Text-to-region grounding data
===
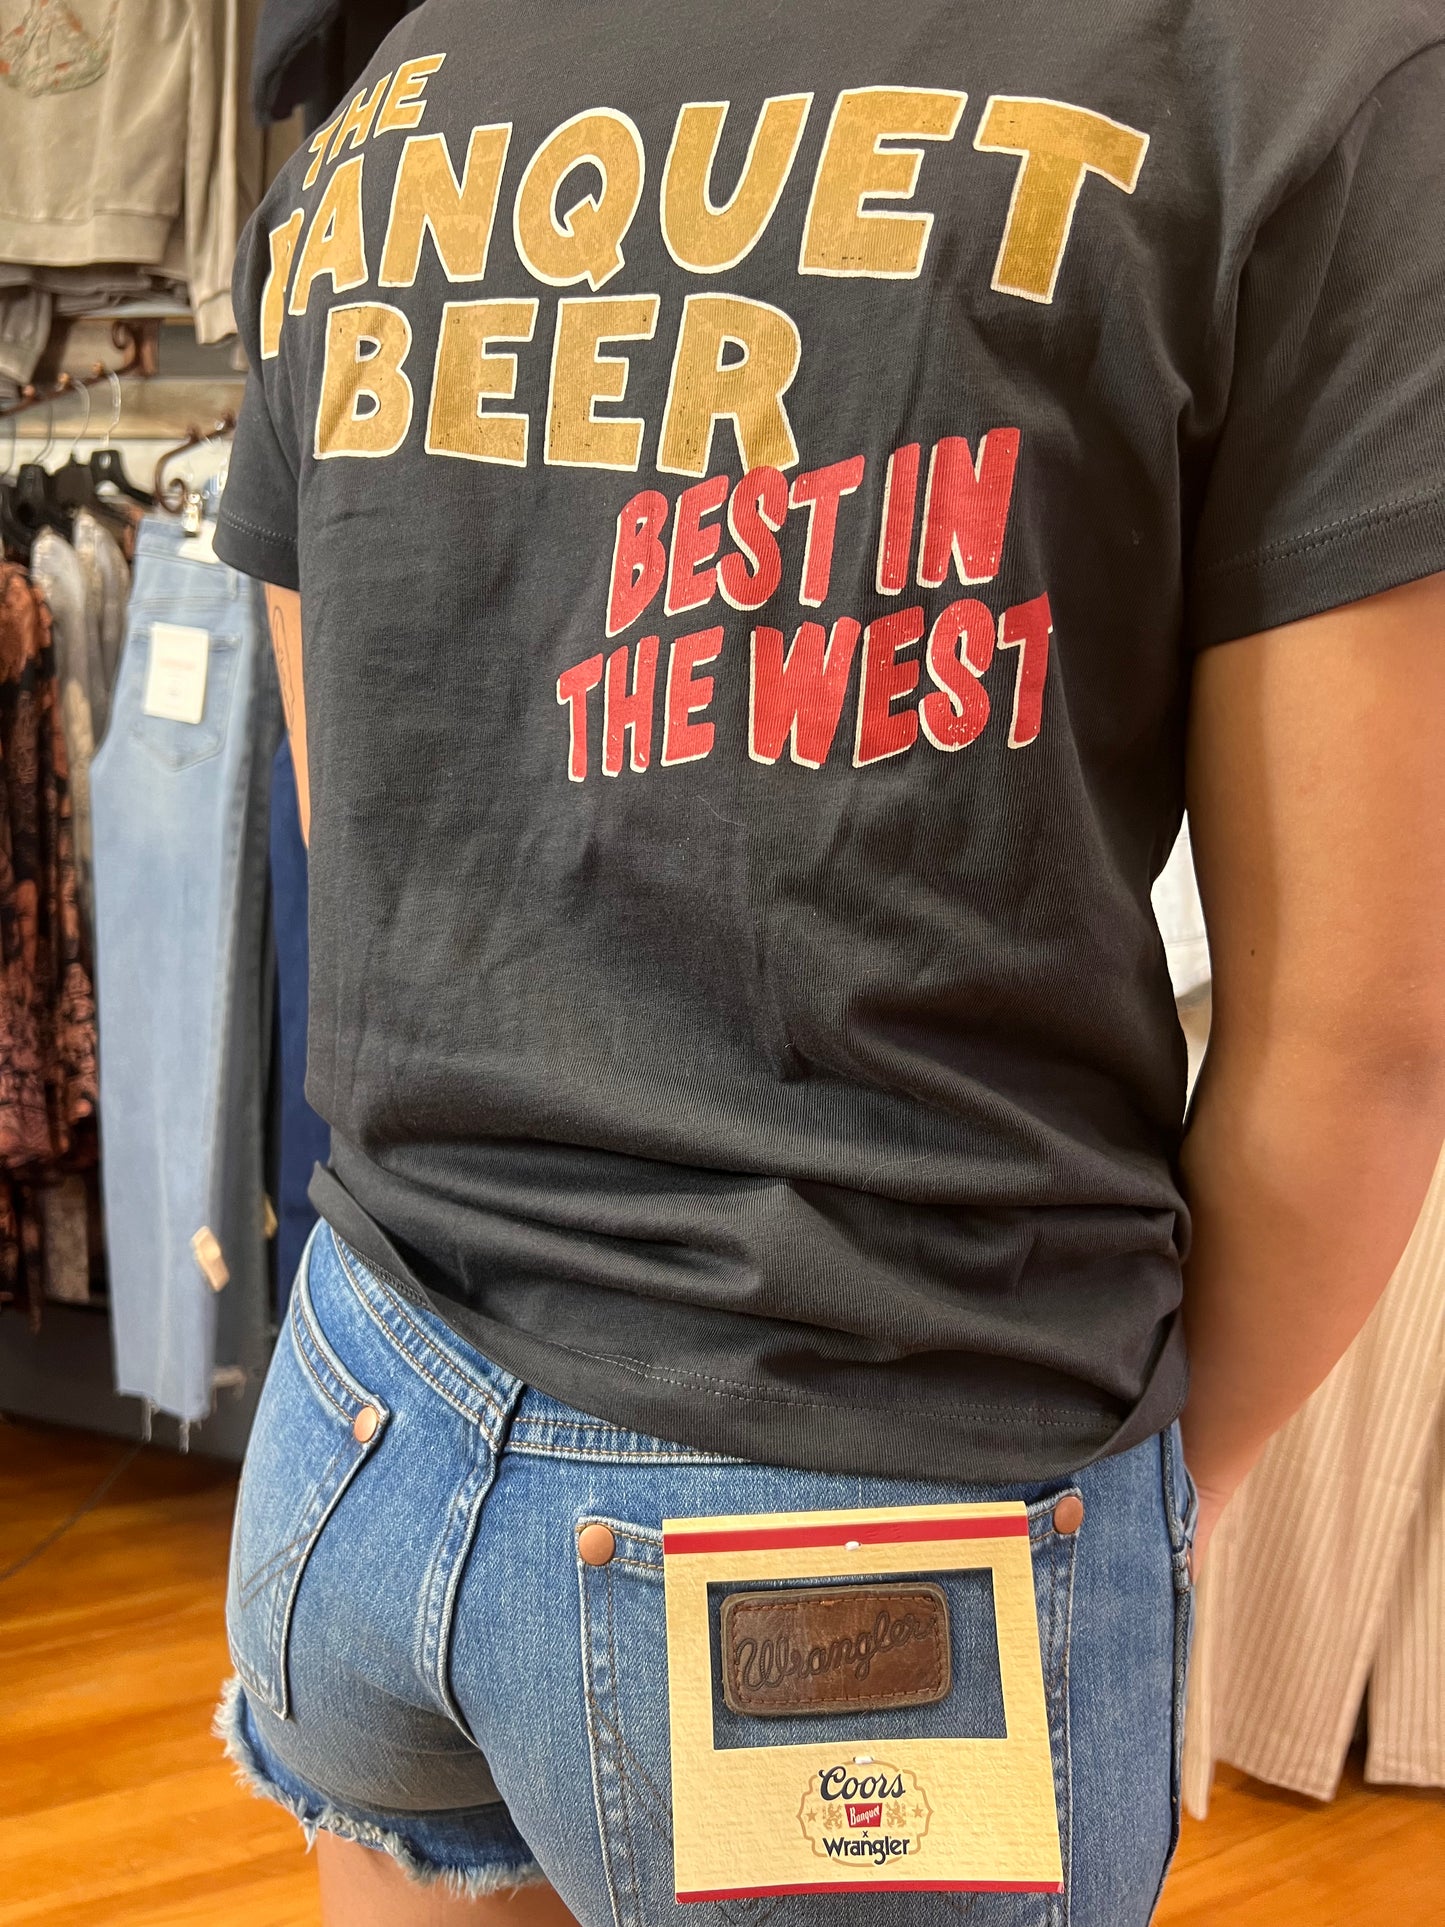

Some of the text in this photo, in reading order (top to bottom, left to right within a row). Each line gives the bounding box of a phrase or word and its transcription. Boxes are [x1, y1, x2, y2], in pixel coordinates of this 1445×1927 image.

[302, 53, 446, 190] THE
[313, 293, 801, 478] BEER
[606, 427, 1020, 638] BEST IN
[557, 591, 1054, 783] THE WEST
[735, 1610, 936, 1691] Wrangler
[818, 1765, 906, 1801] Coors
[822, 1835, 910, 1865] Wrangler
===
Exercise brief
Exclude images. Return the data above verbatim.

Response area
Some of the text in this photo, in reading order (top to bottom, left to right within a row). Each line gives the bounding box of a phrase or word and its transcription. Boxes are [x1, y1, x2, y2], in pixel coordinates of this 1445×1927 image.

[302, 53, 446, 190] THE
[313, 293, 801, 478] BEER
[606, 427, 1020, 638] BEST IN
[557, 591, 1054, 783] THE WEST
[735, 1610, 936, 1691] Wrangler
[818, 1765, 906, 1801] Coors
[822, 1835, 910, 1865] Wrangler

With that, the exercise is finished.